Bankadan yapılan açıklamada siber hücum tezleri reddedildi. Pekala yurttaşlar hesaplarının ‘güvende olduğu’ nasıl anlayacak, nasıl emin olacak?


Bankalara inanç konusunda Kemal Derviş daha sonrası yeterlice sıkılaştırılmış ve sağlamlaştırılmış bir bankacılık yasal altyapısı ve regülasyonları var. Banka güvenlik taahhütlerini ve yükümlülüklerini yerine getirmek konusunda fazlaca dikkatli ve ihtimamlı olmak durumunda. Bankanın kendisi siber akın olmadığını söylemişse bundan kuşku etmeye gerek olduğunu düşünmüyorum.
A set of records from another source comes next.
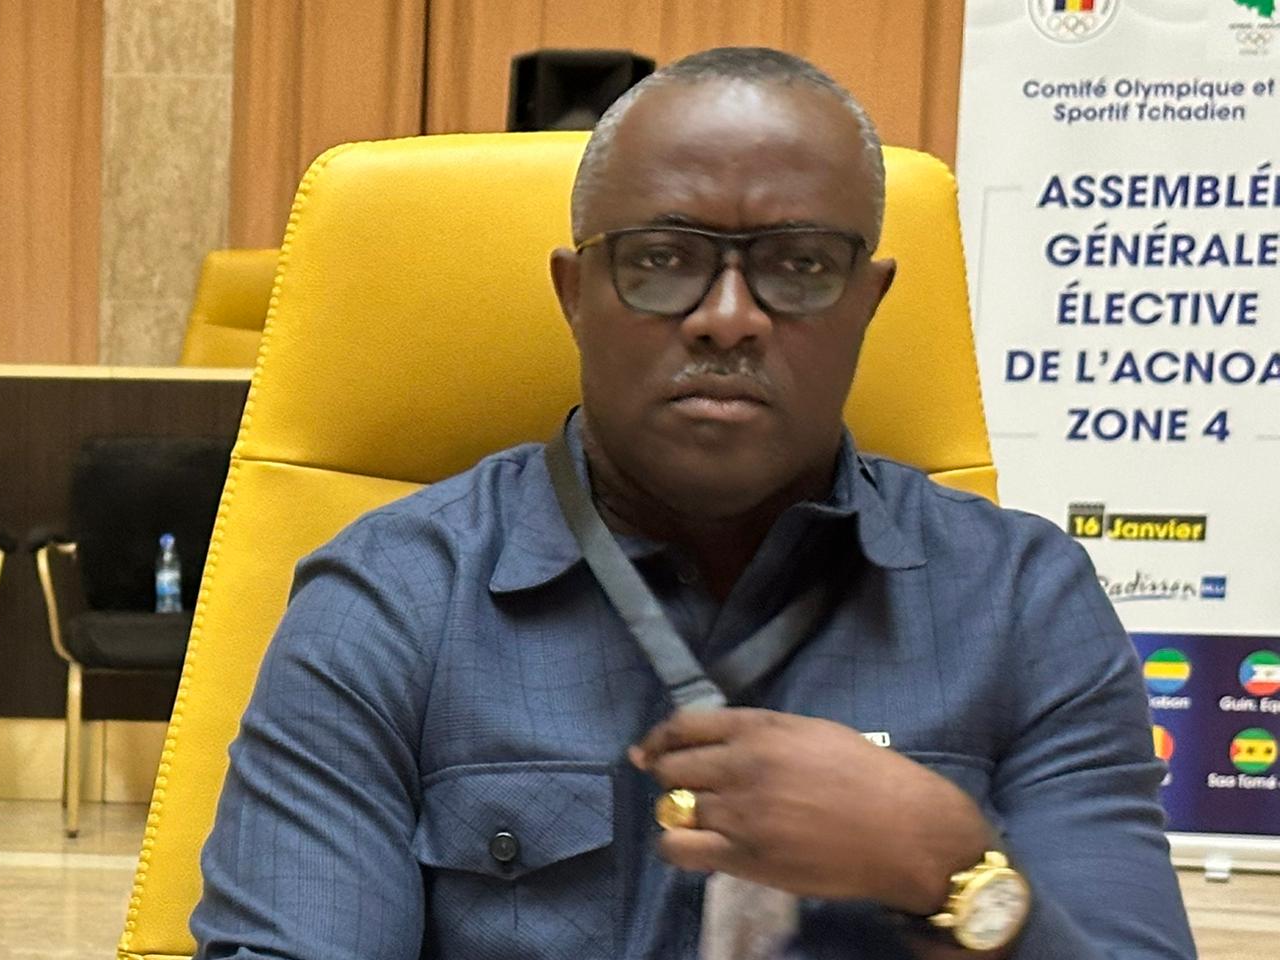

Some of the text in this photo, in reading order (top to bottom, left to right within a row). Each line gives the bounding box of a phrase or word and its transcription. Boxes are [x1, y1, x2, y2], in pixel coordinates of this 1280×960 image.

[1022, 78, 1276, 101] Comité Olympique et
[1053, 103, 1246, 124] Sportif Tchadien
[1045, 221, 1279, 267] GÉNÉRALE
[1057, 281, 1258, 326] ÉLECTIVE
[1005, 350, 1061, 383] DE
[1066, 408, 1230, 442] ZONE 4
[1074, 515, 1202, 540] 16 Janvier
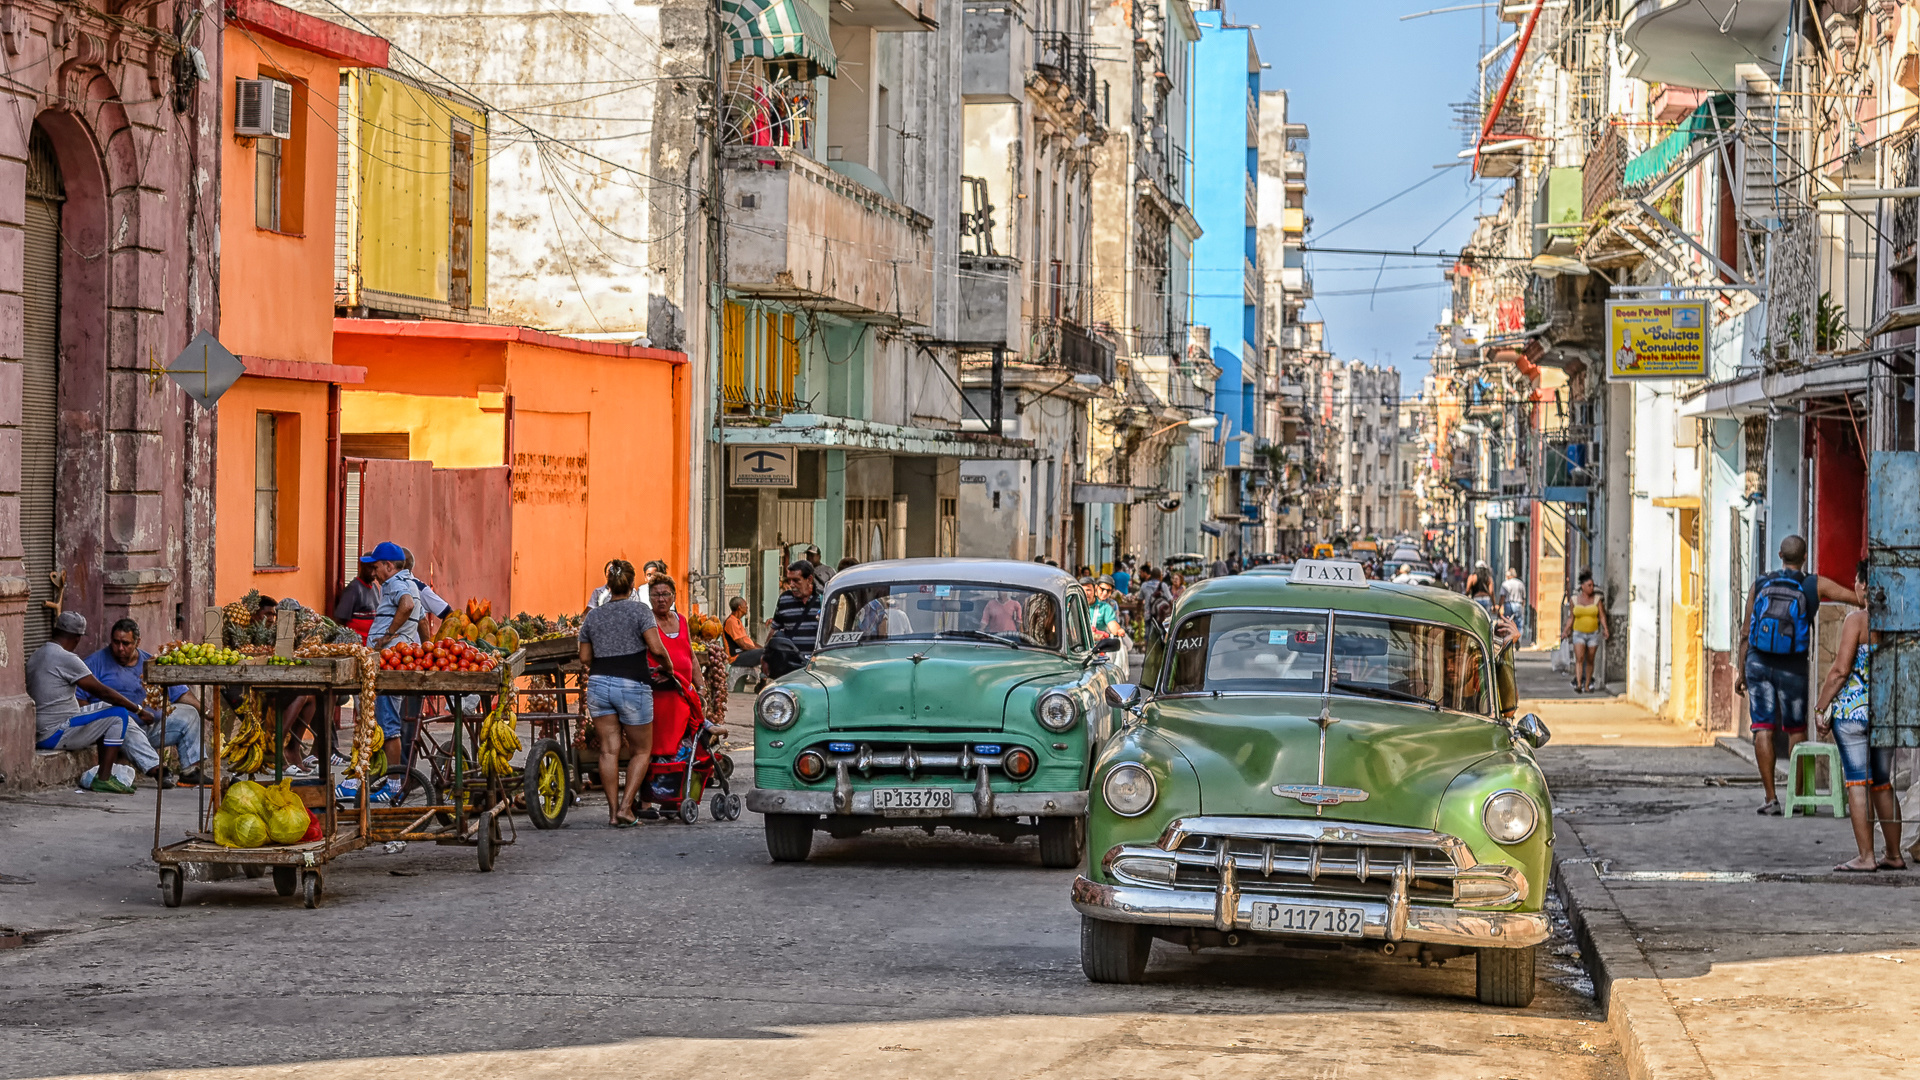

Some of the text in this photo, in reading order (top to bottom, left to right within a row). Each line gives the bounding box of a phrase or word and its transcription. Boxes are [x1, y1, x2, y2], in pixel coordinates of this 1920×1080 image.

[1653, 329, 1700, 340] Delicias
[1640, 341, 1699, 353] Consulado
[1305, 565, 1354, 581] TAXI
[831, 633, 861, 641] TAXI
[1176, 637, 1203, 650] TAXI
Bir bankanın müşterilerine taammüden yanlış bilgi vermesi siber hücuma uğramasından epey daha büyük bir güvenlik riskidir.
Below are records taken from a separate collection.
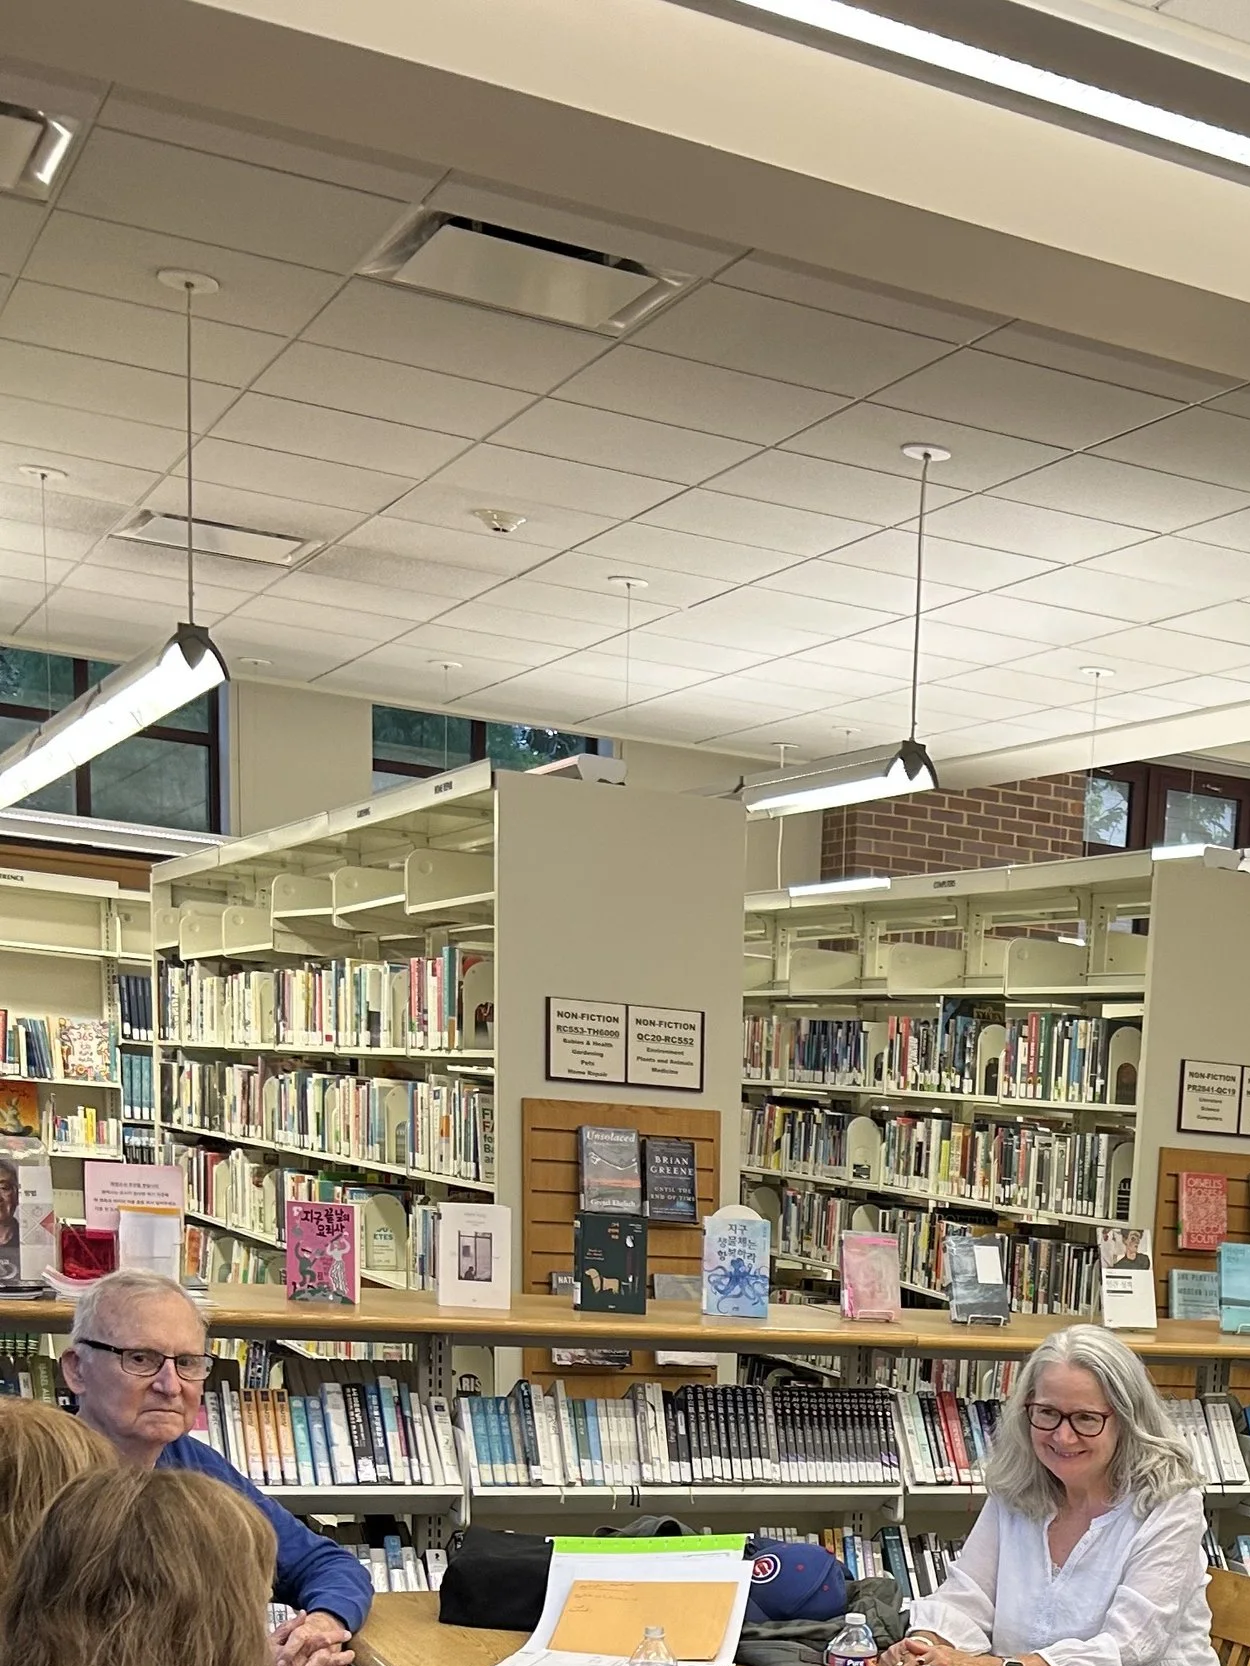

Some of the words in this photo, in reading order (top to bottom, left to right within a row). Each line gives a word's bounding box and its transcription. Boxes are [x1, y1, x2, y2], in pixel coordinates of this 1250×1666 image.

[556, 1010, 620, 1024] NON-FICTION
[556, 1024, 620, 1038] RC553-TH6000
[635, 1018, 696, 1031] NON-FICTION
[636, 1032, 695, 1046] QC20-RC552
[1188, 1071, 1236, 1082] NON-FICTION
[586, 1130, 637, 1143] Unsolaced
[655, 1155, 690, 1166] BRIAN
[649, 1164, 695, 1176] GREENE
[300, 1209, 324, 1226] 지구
[727, 1223, 748, 1235] 지구
Bu durum tekrar yaşanabilir mi, farklı bankalarda da birebir sıkıntıyla karşılaşılabilir mi?

elbette, her tıp felaket yinelanabilir. 2013’te de İş Bankası bir güne yakın bir kesinti hayatış örneğin. Kıymetli olan bunun yinelaması halinde daha süratli, kayıpsız ve gecikmesiz bir toparlama sağlanıp sağlanamayabileceği. Eminim tüm bankalar süreçlerini ve operasyonel planlarını bu olay üzerine şimdiden gözden geçirmeye başlamıştır. Bu olayın Akbank da dahil tüm bankaların bu tıp vaziyetlere reaksiyonlarını düzgünleştirmeye yarayacağını düşünüyorum. Akbank’ın daha detaylı bir teknik açıklama yapmasını umarım. Bu tüm bankacılık kesiminin yararına olur. Bankanın hususa hakimiyet düzeyini ve gösterdiği itinası temsil etmesi açısından da itimat tazeleyici olur.

“ÖNLEM ALMASI GEREKEN VATANDAŞ DEĞİL DEVLET”
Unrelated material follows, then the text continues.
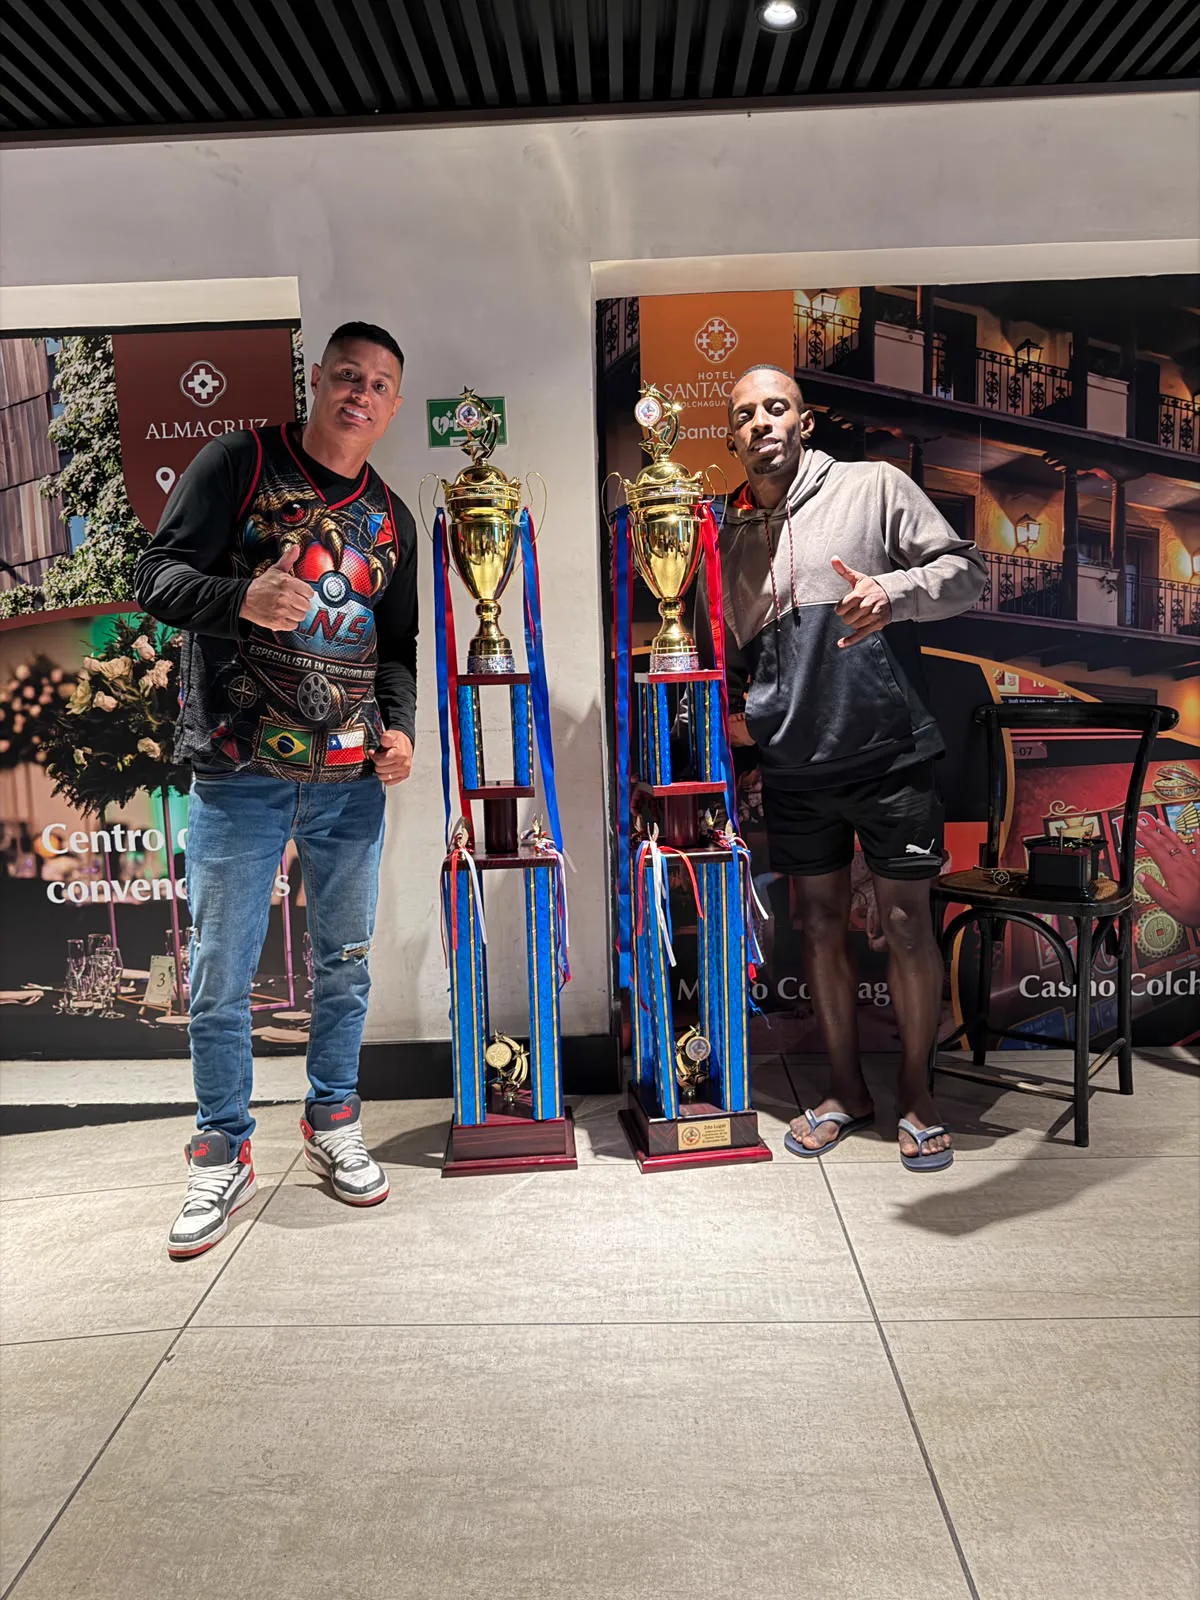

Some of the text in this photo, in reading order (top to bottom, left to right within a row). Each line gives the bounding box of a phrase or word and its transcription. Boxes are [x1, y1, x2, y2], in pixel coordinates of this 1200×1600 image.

Bankada hesabı olan yurttaşlar mümkün bir siber atak yahut farklı teknik problemlerin olması durumunda nelerle karşılaşabilir?


Hali hazırda bir epeyce mağduriyet yaşandığını duydum. Umarım bunlar da vakit ortasında yasal yükümlülükler çerçevesinde telafi edilir. Bu ihtimallere dair tedbir alması gereken vatandaş değil devlet. Vatandaş “ya banka bir gün hizmet veremezse” diye bir tasa asla taşımamalı. O, yönetilebilir ya da ölçeklenebilir bir kaygı değil. O yüzden bu kesintide yaşanan mağduriyetlerin daha sonrasında devletin “evet o denli bir şey olmuştu lakin daha sonra telafi edildi” rahatlığını da mağdurlara verebilmesi gerekir.